In recent versions of Jskad, the 'Tools' menu has an option 'Launch Converter...'.  If you use that option, you will find a set of first-class converters that can convert digital Tibetan from one form to another.  (A command-line interface is also available; see below.)

Some of the converters there are based on Jskad technology, but all are first-class in the sense that they are well though-out, well tested, and handle errors nicely.  Certain features in Jskad are quite buggy; for example, its keyboards do not work as desired, but even when they do, they silently drop certain input characters.  Do not worry that the converters described here suffer from these flaws; not one character of input is ever silently dropped.  It is the intention of the developers that a Buddhist canon one day could be entrusted to these converters.  Before you do that, though, please contact the developers to be sure that this documentation is up-to-date and to develop a custom validation and verification plan.  None of the converters has yet been hand-validated on a real text of any size, but extensive unit testing has been performed for each conversion at every stage of development.

The following converters are available:

Moreover, EWTS->Unicode and EWTS->TMW converters are in development.  Wylie Word 2.0 has better EWTS support at present.

Above, RTF is an abbreviation for Rich Text Format; Text refers to an unformatted text file (in one of several encodings); TMW refers to the Tibetan Machine Web font; TM refers to the Tibetan Machine font; Unicode refers to the Tibetan Unicode characters in the range U+0F00-U+0FFF mainly but also sometimes includes other Unicode characters; EWTS refers to Tibetan encoded using the Extended Wylie Transliteration Scheme, a Roman transliteration scheme; ACIP refers to Tibetan encoded using Asian Classics Input Project (ACIP) Tibetan Input Code, another Roman transliteration scheme.

Invoking the Converters

The converters have a user-friendly GUI interface, and it tells you when things go wrong (from things like the lack of a needed glyph in the output font to things like your having selected the wrong conversion).  The GUI is not properly documented here, and probably will not be until you contact the developers and ask them to document it.

To use the GUI, first launch Jskad itself.  Then select 'Launch Converter...' from the 'Tools' menu.  Let's hope from there it's self-explanatory, because it is not yet properly documented.

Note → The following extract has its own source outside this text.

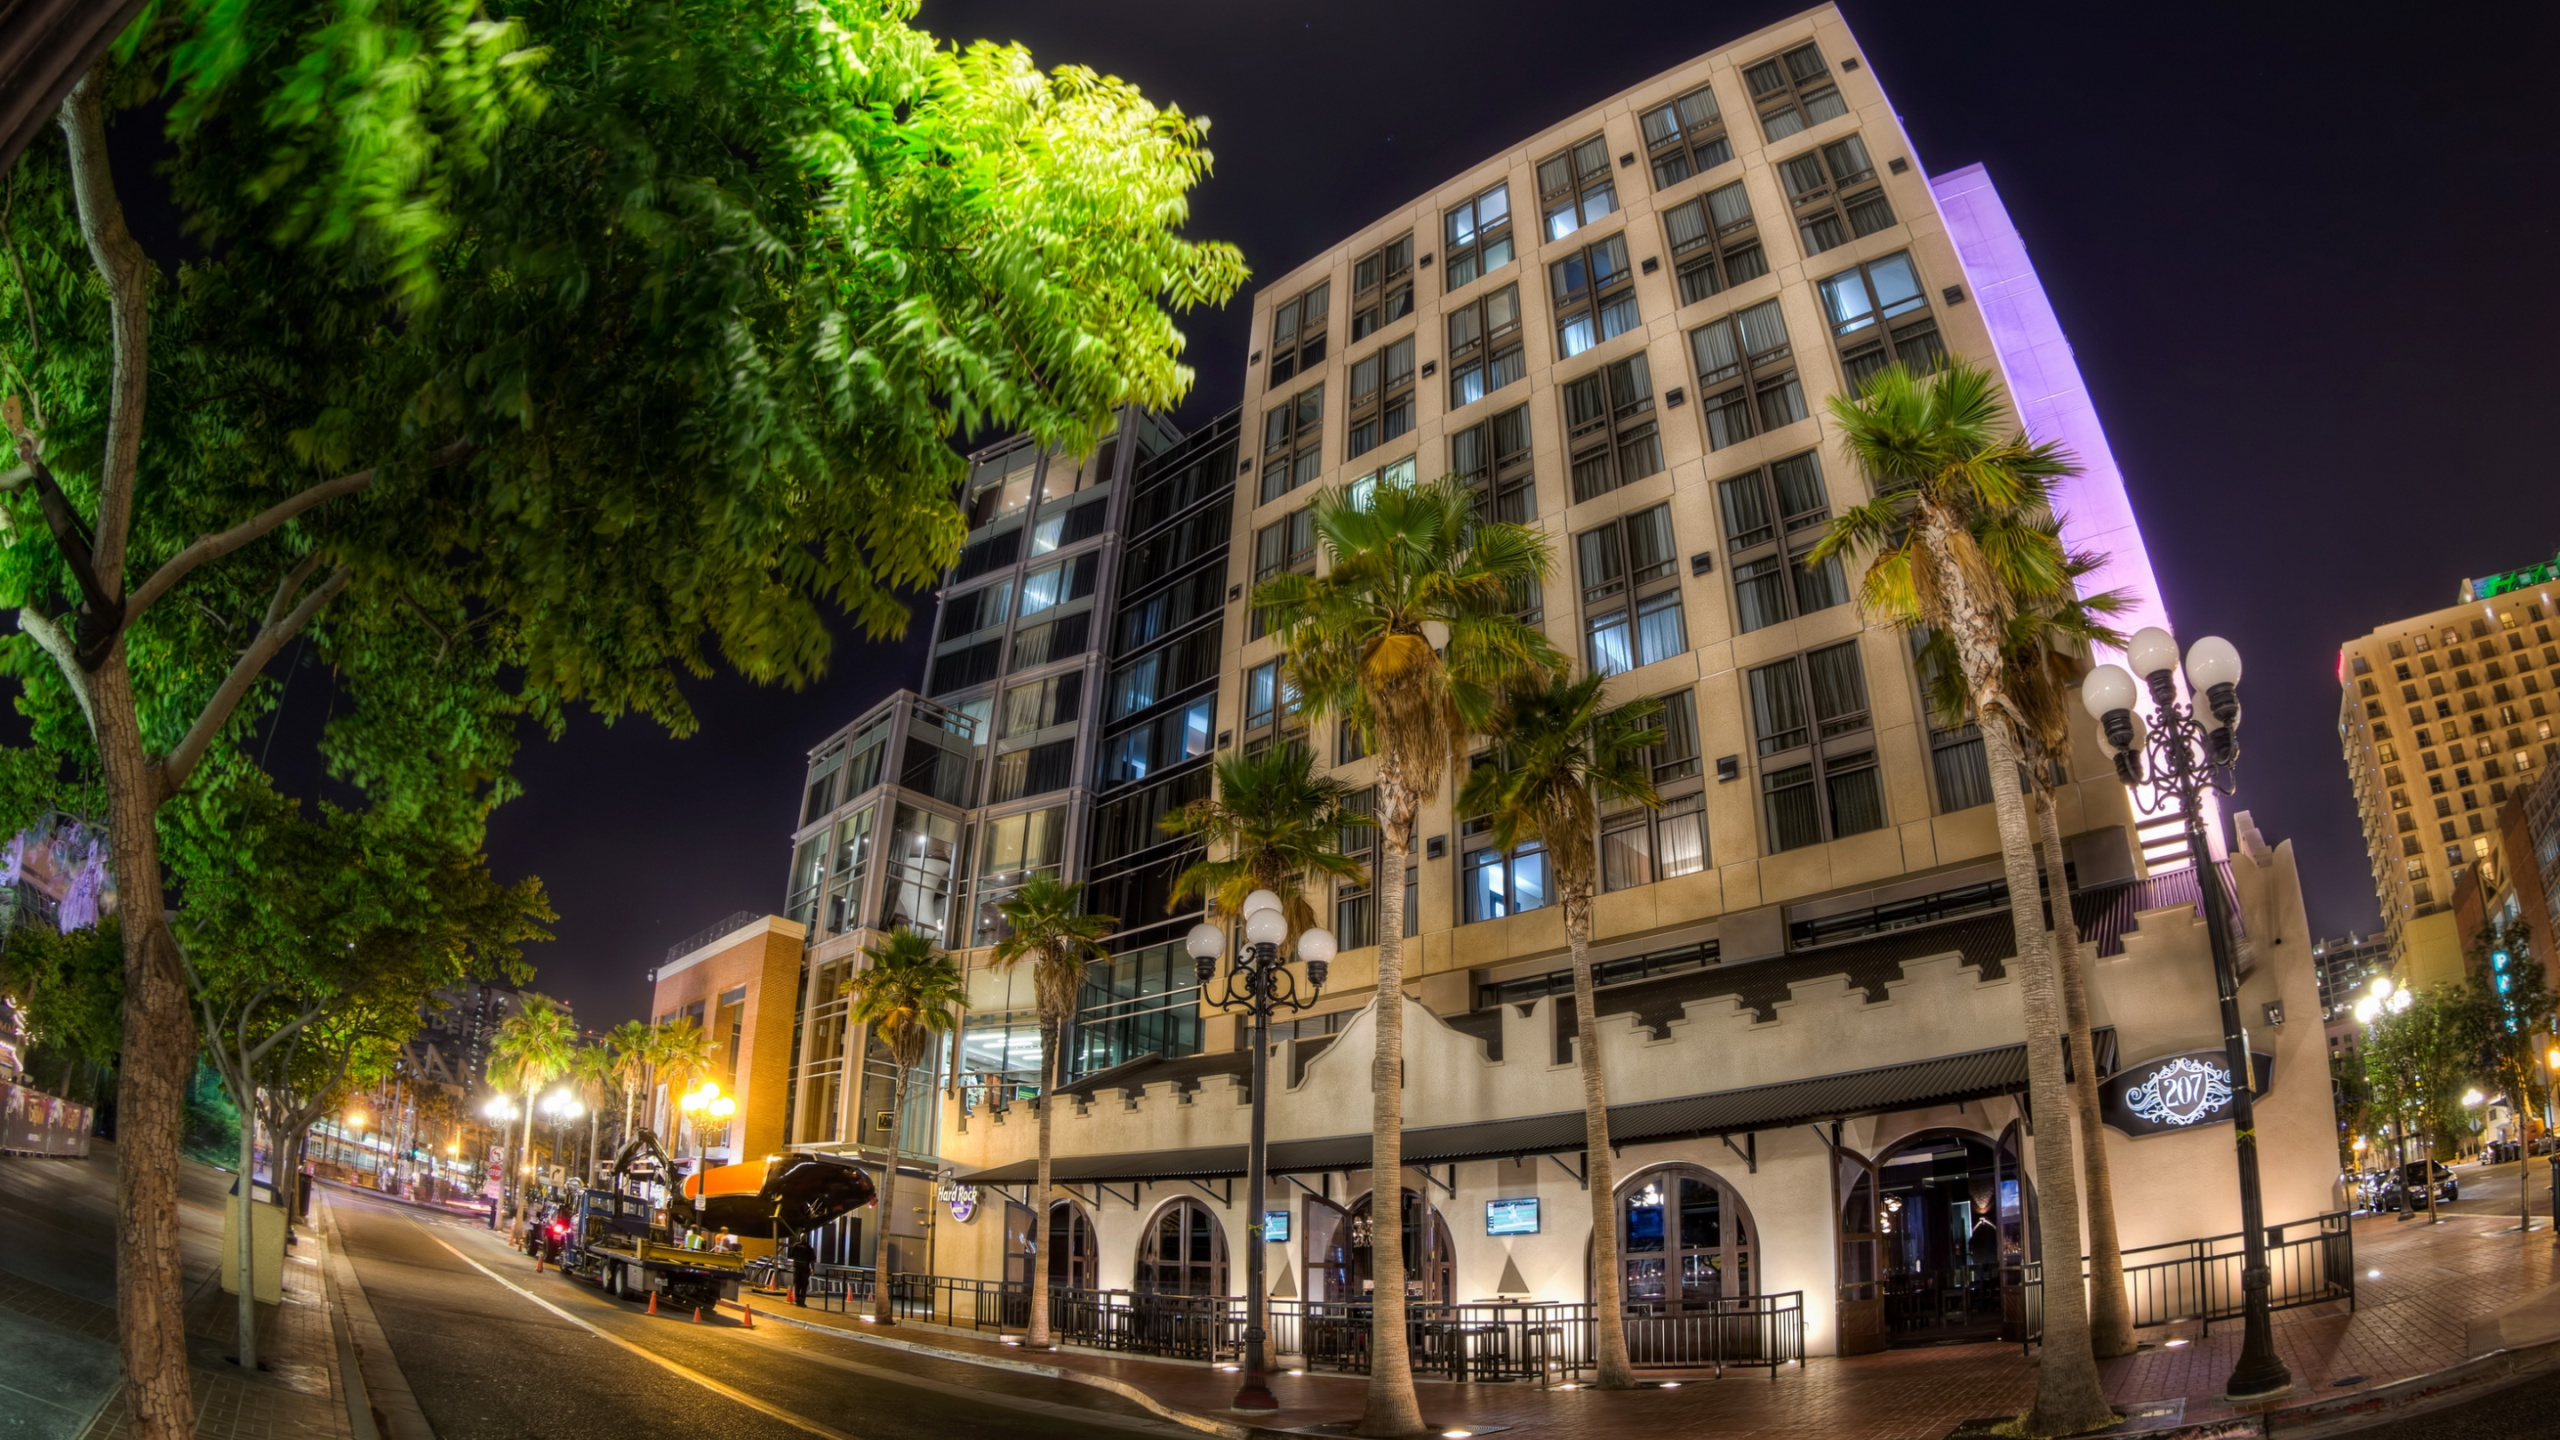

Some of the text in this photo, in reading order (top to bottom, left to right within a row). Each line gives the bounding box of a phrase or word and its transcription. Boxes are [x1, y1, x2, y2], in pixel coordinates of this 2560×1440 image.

[2163, 1072, 2202, 1108] 207
[489, 1168, 502, 1177] STOP
[937, 1184, 978, 1205] Hard Rock

For batch conversions of many files, a command-line interface to the converters may be more suitable than the GUI interface.  In the same JAR file as Jskad, power users will find a command-line utility that can do everything the GUI interface to the converters can do.  To learn how to invoke it, see the output you get when you use this invocation:

java -cp "c:\my thdl tools\Jskad.jar" \
     org.thdl.tib.input.TibetanConverter --help

where you must replace "c:\my thdl tools\Jskad.jar" with the appropriate path on your system.

License

Both the converters and this document are released under the THDL Open Community License Version 1.0.